Waters is a former diving instructor and as part of research at the University of Queensland she has interviewed more than 650 reef visitors in recent years.

“I noticed how difficult these conversations were,” she says. “Tourists ask a lot of questions and it can be confrontational when people have paid $300 to go to the reef. A big question being asked of tourism is: ‘Is the reef dying? Say.’

“The reality is much more complicated, but they want to know from the people who see the reef every day.

“We found [tourists] are actually open to hearing about climate change. The majority were not only open to the information, but wanted more. And they wanted to know what they could do.”

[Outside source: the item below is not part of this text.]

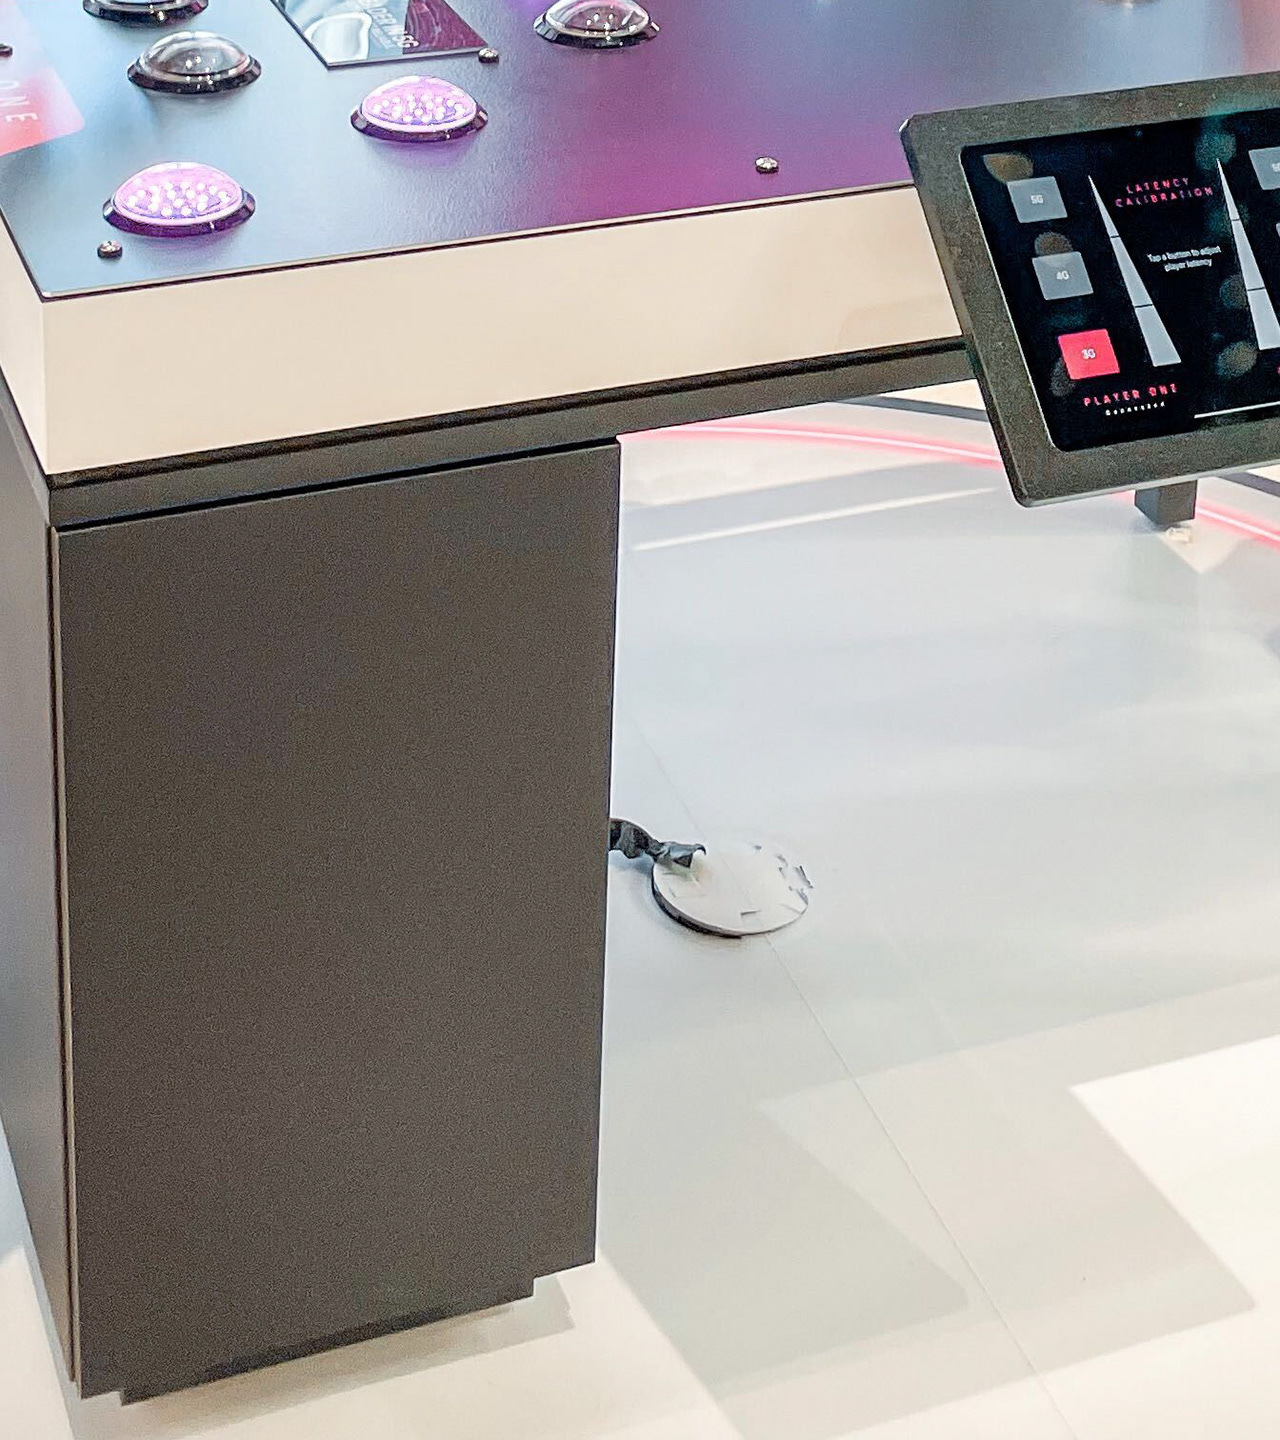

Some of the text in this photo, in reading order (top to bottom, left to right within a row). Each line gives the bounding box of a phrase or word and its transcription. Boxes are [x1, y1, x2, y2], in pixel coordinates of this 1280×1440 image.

“It is a difficult question: how do we do this in a way that encourages action and does not deter people. But you have to face the reality: there is still so much to save, and that is often ignored.”

‘Now is the time’

Tahn Miller has worked as a diving instructor and guide at Wavelength Reef Cruises in Port Douglas in far north Queensland for 15 years.

Miller recalls hearing stories a decade ago about how some dive guides in other parts of the reef were told not to mention climate change to their guests for fear of perpetuating the idea that the natural treasure was dying out or not. was worth visiting.

But he says there has been an evolution in the industry, and now many more divers feel able to talk to visitors about climate change – but only if the visitors want to hear it.

“There are climate skeptics in every group, but I notice that this is becoming less and less,” he says. “I tell them I’m not there to change anyone’s mind, but this is what I saw. I try to be honest with them.”

Related: On the Great Barrier Reef and in denial: some would rather get grumpy than face the facts | Fiona Katauskas

Miller says he saw reefs recovering after the 2016 bleaching event. But his optimism has eroded in recent years.

There are several tour operators who also carry out small reef restoration projects in the areas they visit, including replanting corals.

“Some of the corals I planted – hundreds of them – have already died [this summer],” he says.

“The time is now… we must make change because if we don’t, we will lose huge expanses of reefs.”

Back on Heron Island, Peters is stopped by tourists who ask him what they can do to help the reef.

“I start by getting them to recognize their appreciation for the reef and that we need to do more. I give them one or two tips,” he says.

“I tell them to ‘use their voice’ and learn about the policies of the people they might vote for. And I ask them to think about where their money is kept: is it in a bank that invests in fossil fuels?”